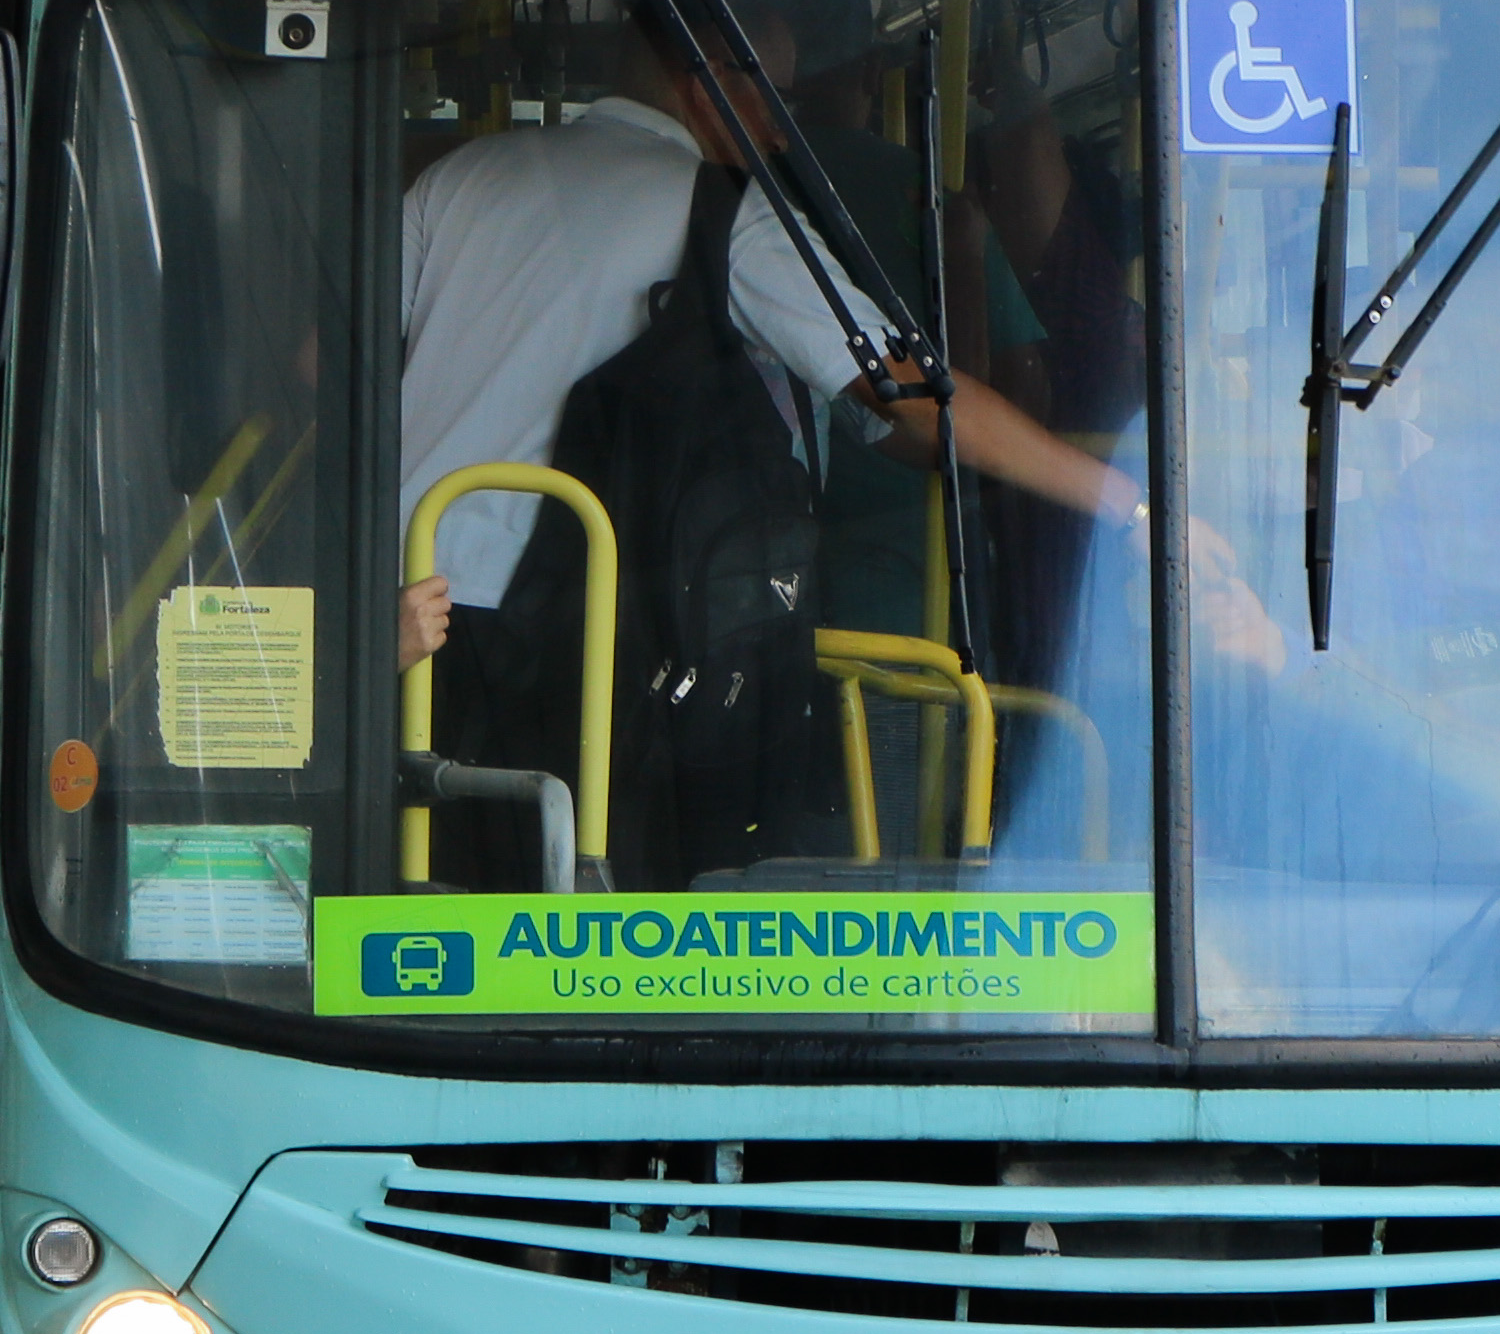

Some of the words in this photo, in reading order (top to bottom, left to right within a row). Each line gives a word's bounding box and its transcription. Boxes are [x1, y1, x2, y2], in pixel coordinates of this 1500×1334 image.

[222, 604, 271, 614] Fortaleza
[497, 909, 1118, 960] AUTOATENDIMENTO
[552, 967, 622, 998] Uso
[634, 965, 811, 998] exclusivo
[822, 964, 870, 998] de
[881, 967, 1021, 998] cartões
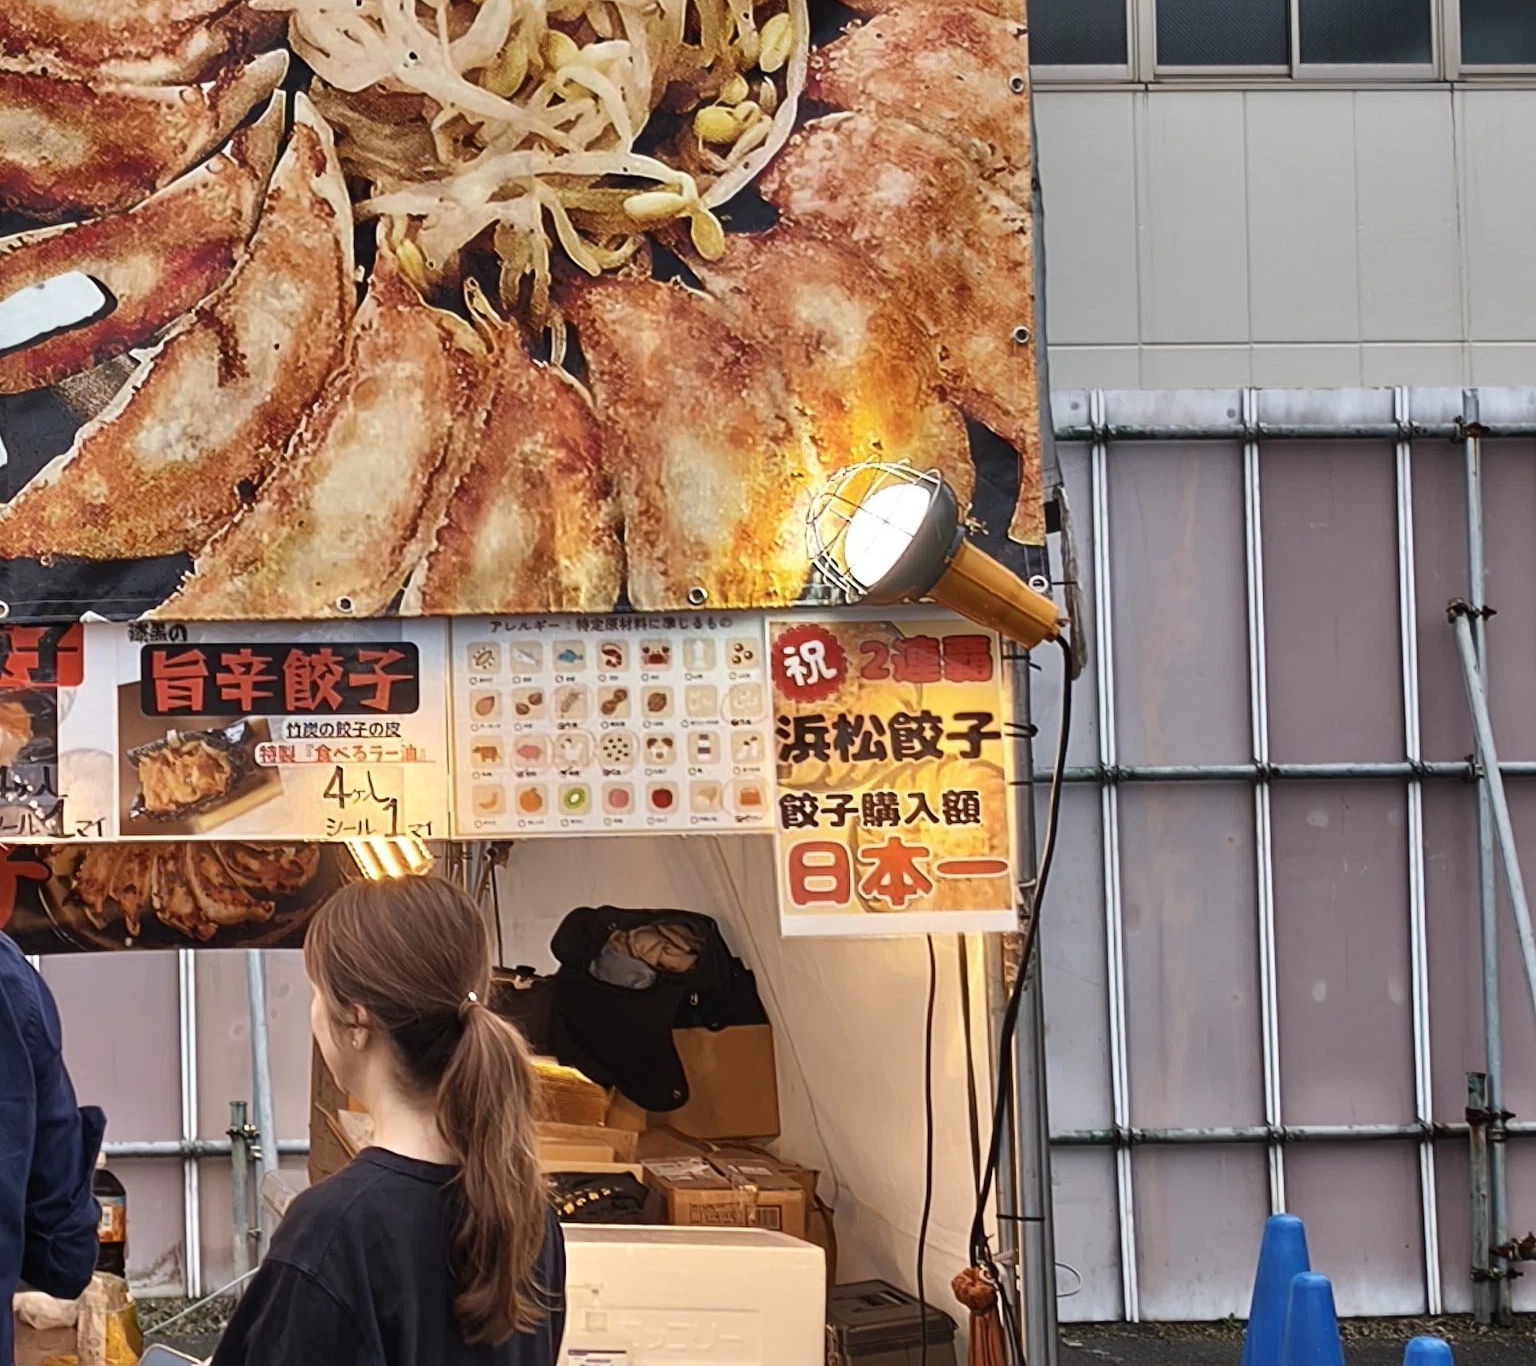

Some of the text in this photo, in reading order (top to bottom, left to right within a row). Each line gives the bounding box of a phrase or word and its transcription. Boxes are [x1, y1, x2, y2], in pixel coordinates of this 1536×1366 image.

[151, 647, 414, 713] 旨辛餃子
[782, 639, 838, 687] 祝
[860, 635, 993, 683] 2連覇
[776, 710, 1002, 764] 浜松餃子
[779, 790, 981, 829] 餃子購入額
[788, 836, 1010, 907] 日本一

*Task statement*.
Your task is to return the entries above exactly, with no pictures.

*Task result*.
Some of the words in this photo, in reading order (top to bottom, left to right within a row). Each line gives a word's bounding box and its transcription. Boxes are [x1, y1, x2, y2], in pixel coordinates of this 1500×1334 image.

[222, 604, 271, 614] Fortaleza
[497, 909, 1118, 960] AUTOATENDIMENTO
[552, 967, 622, 998] Uso
[634, 965, 811, 998] exclusivo
[822, 964, 870, 998] de
[881, 967, 1021, 998] cartões

Some of the text in this photo, in reading order (top to bottom, left to right within a row). Each line gives the bounding box of a phrase or word and its transcription. Boxes are [x1, y1, x2, y2], in pixel coordinates of this 1536×1366 image.

[151, 647, 414, 713] 旨辛餃子
[782, 639, 838, 687] 祝
[860, 635, 993, 683] 2連覇
[776, 710, 1002, 764] 浜松餃子
[779, 790, 981, 829] 餃子購入額
[788, 836, 1010, 907] 日本一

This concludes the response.